Roll a die 7 times and count frequencies of each face (1-6). The table is a 6-tuple (n1,...,n6) with sum=7, each ni≥0.

(a) Number of possible tables

This is number of nonnegative integer solutions to n1+...+n6=7: C(7+6-1,6-1)=C(12,5)=792. This is like distributing 7 identical candies among 6 children.

(b) Tables with zero 7s, zero 6s, zero 0s

“Zero 7s as totals” – but totals are frequencies, so “zero 7s” means no face appears 7 times? Actually the table entries are counts, so “zero 7s” means no entry equals 7. Since sum=7, the only way to have a 7 is if one face appears all 7 times. There are 6 such tables (all rolls same face). So tables with zero 7s = 792 - 6 = 786. “Zero 6s” means no entry equals 6. If a face appears 6 times, the remaining 1 roll must be some other face. Number of tables with at least one 6: choose face for 6 (6 ways), choose the remaining face (5 ways) and the remaining roll is that face, so 6*5=30 tables? But careful: tables with two 6s? Not possible because sum would exceed 7. So exactly 30 tables have a 6. So tables with zero 6s = 792 - 30 = 762. “Zero 0s” means every face appears at least once. Since there are 6 faces and 7 rolls, one face appears twice, others once. Number of ways: choose which face appears twice (6 ways), then arrange? Actually the table is determined by counts: one 2 and five 1s. So number = 6. So tables with zero 0s = 6.

7. Password Counting

Password length 10: three uppercase letters (26 choices each), three lowercase (26 each), four digits (10 each). Also need to consider arrangement? The problem says “consisting of” implying the positions are fixed? Usually such problems mean the password contains exactly those types, but the order can be any. However, the wording “consisting of” might imply the characters are in that order: first three uppercase, then three lowercase, then four digits.
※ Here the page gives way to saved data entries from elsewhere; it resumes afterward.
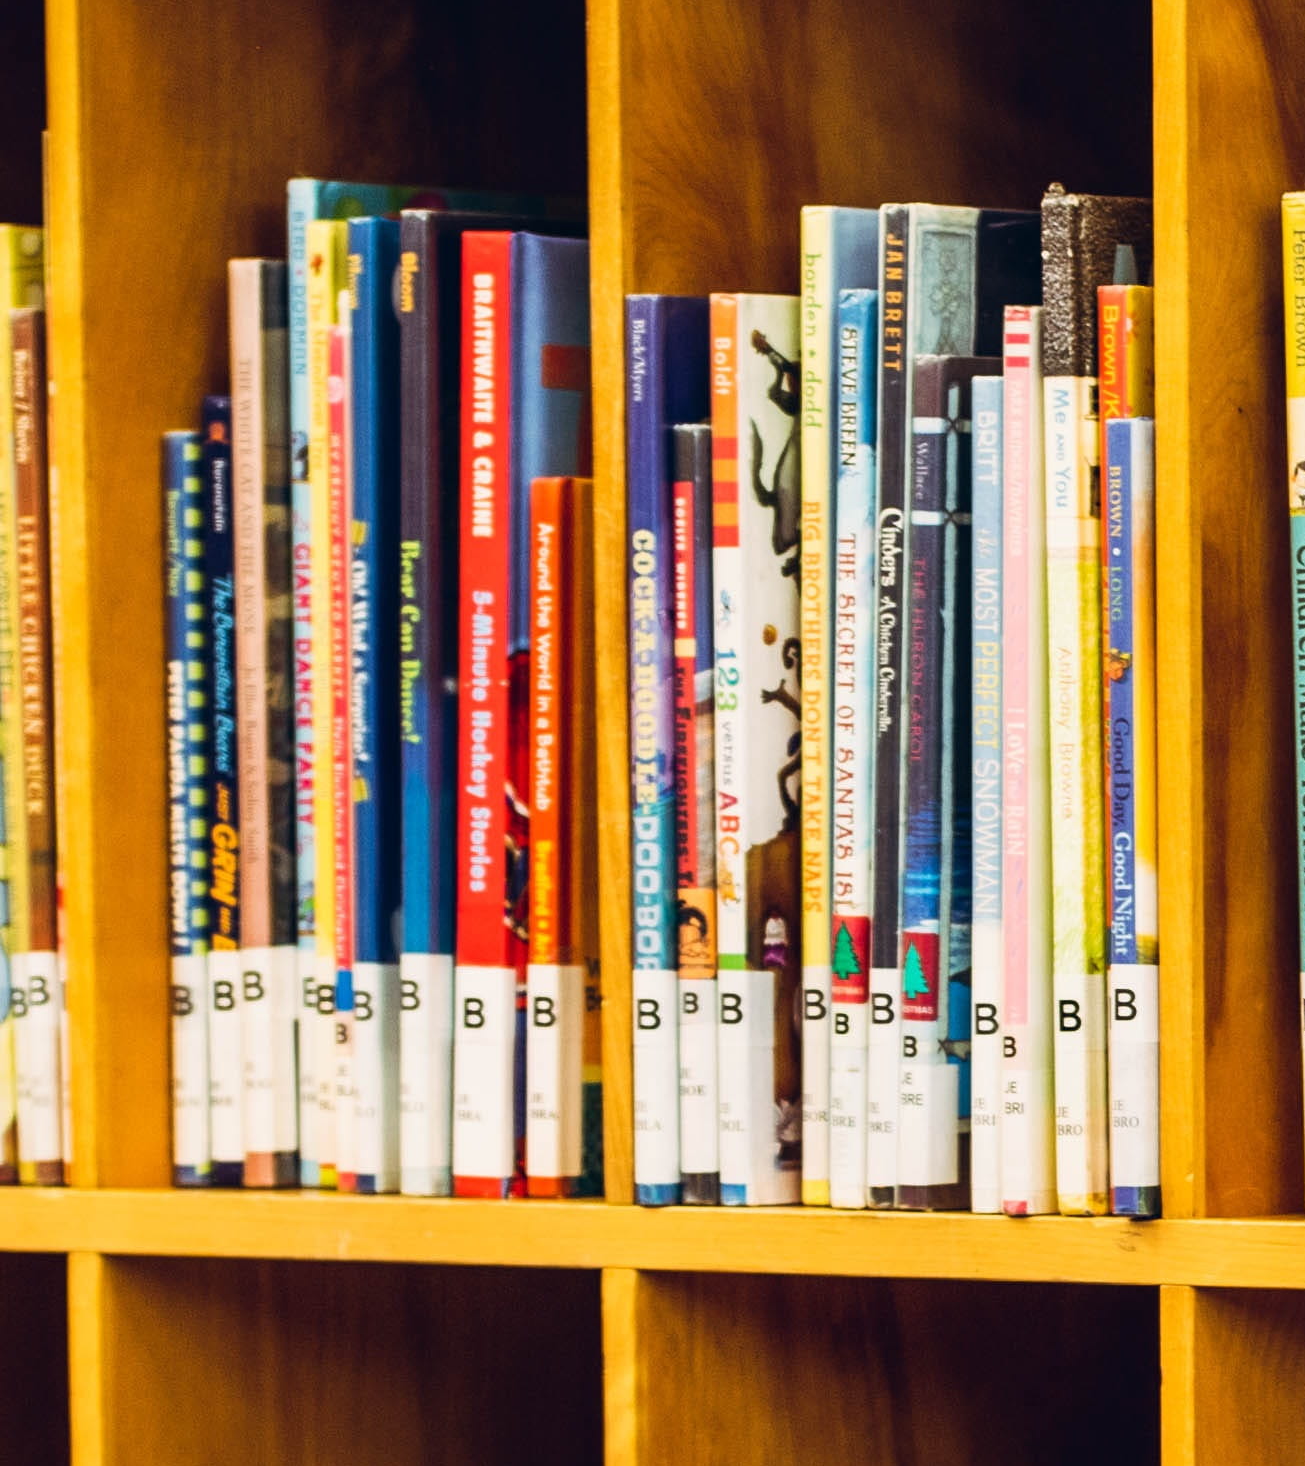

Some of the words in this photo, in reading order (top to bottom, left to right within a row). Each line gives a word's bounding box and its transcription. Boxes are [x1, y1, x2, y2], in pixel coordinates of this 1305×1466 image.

[884, 233, 905, 282] JAN
[472, 273, 495, 425] BRAITHWAITE
[714, 337, 732, 397] Boldt
[839, 326, 858, 389] STEVE
[881, 292, 901, 373] BRETT
[473, 433, 492, 448] &
[839, 396, 858, 468] BREEN
[472, 457, 495, 538] CRAINE
[466, 711, 495, 799] Hockey
[469, 808, 497, 893] Stories
[717, 792, 740, 856] ABC
[974, 758, 999, 915] SNOWMAN
[1059, 999, 1082, 1032] B
That is typical for such problems. So number = 26^3 * 26^3 * 10^4 = 26^6 * 10^4 = 308,915,776 * 10,000 = 3,089,157,760,000. If order is arbitrary, it’s multinomial: 10!/(3!3!4!) * 26^3 * 26^3 * 10^4. But given the context, we assume fixed order. This is like creating a strong password for an online banking account.
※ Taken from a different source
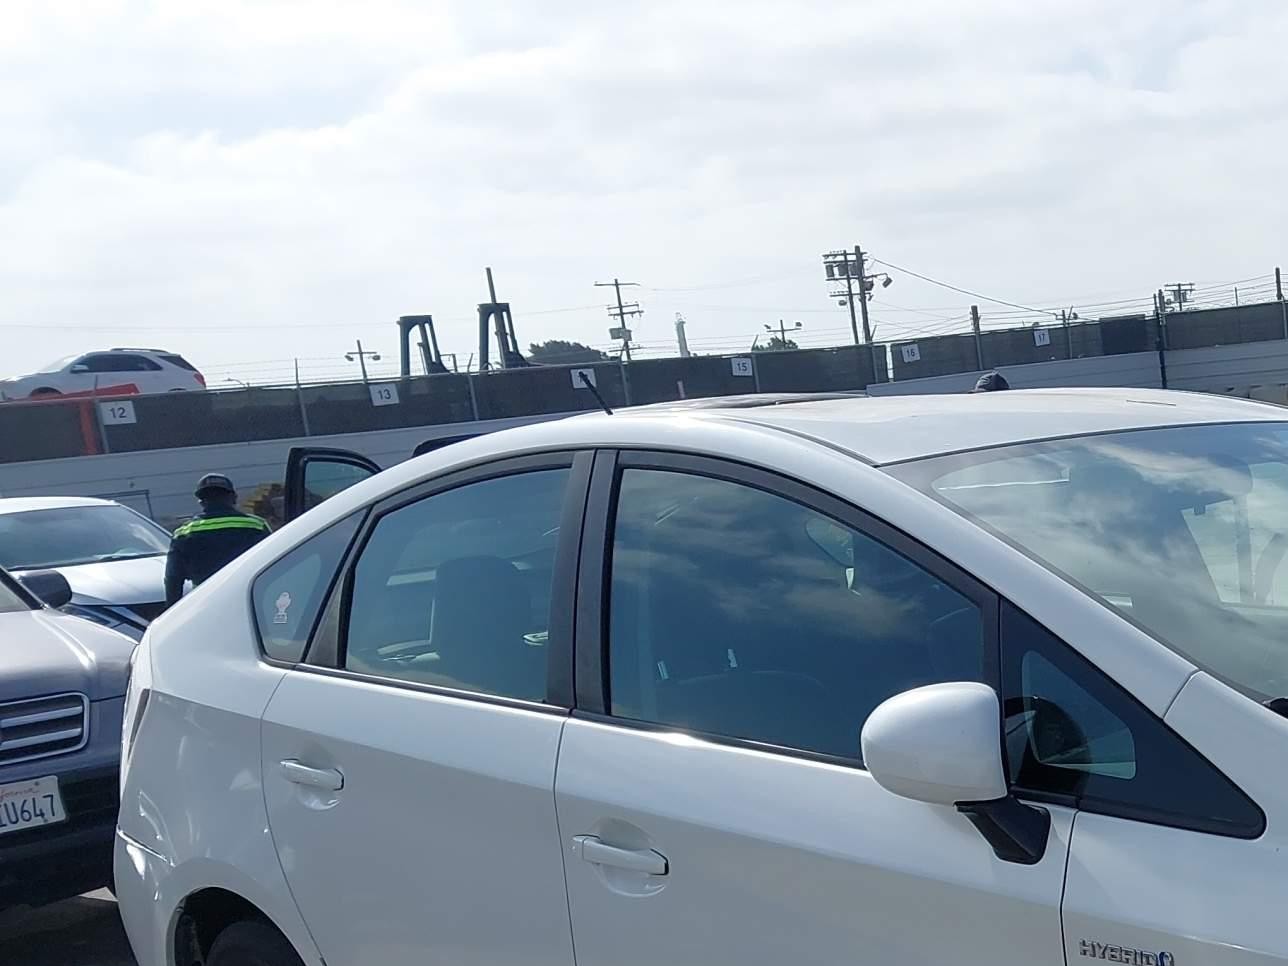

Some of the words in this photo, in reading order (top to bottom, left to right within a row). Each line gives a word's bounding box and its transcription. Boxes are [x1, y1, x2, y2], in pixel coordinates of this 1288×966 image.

[736, 361, 748, 372] 15
[377, 388, 392, 401] 13
[110, 406, 127, 419] 12
8. Inclusion-Exclusion: Numbers Not Divisible by 2,3,5

Find integers from 1 to 10,000 not divisible by 2, 3, or 5. Use inclusion-exclusion. Let A2, A3, A5 be sets divisible by 2,3,5. |A2|=floor(10000/2)=5000, |A3|=3333, |A5|=2000. Intersections: |A2∩A3|=floor(10000/6)=1666, |A2∩A5|=1000, |A3∩A5|=666, |A2∩A3∩A5|=floor(10000/30)=333. Then |A2∪A3∪A5| = 5000+3333+2000 - (1666+1000+666) + 333 = 10333 - 3332 + 333 = 7334. So numbers not divisible by any = 10000 - 7334 = 2666. This is like finding prime candidates in a range, relevant to cryptography.

Conclusion

By mastering these problems, you’ve built a solid foundation in linear algebra and discrete mathematics. Remember to justify every step using field axioms, vector space properties, and combinatorial principles. Good luck with your submission!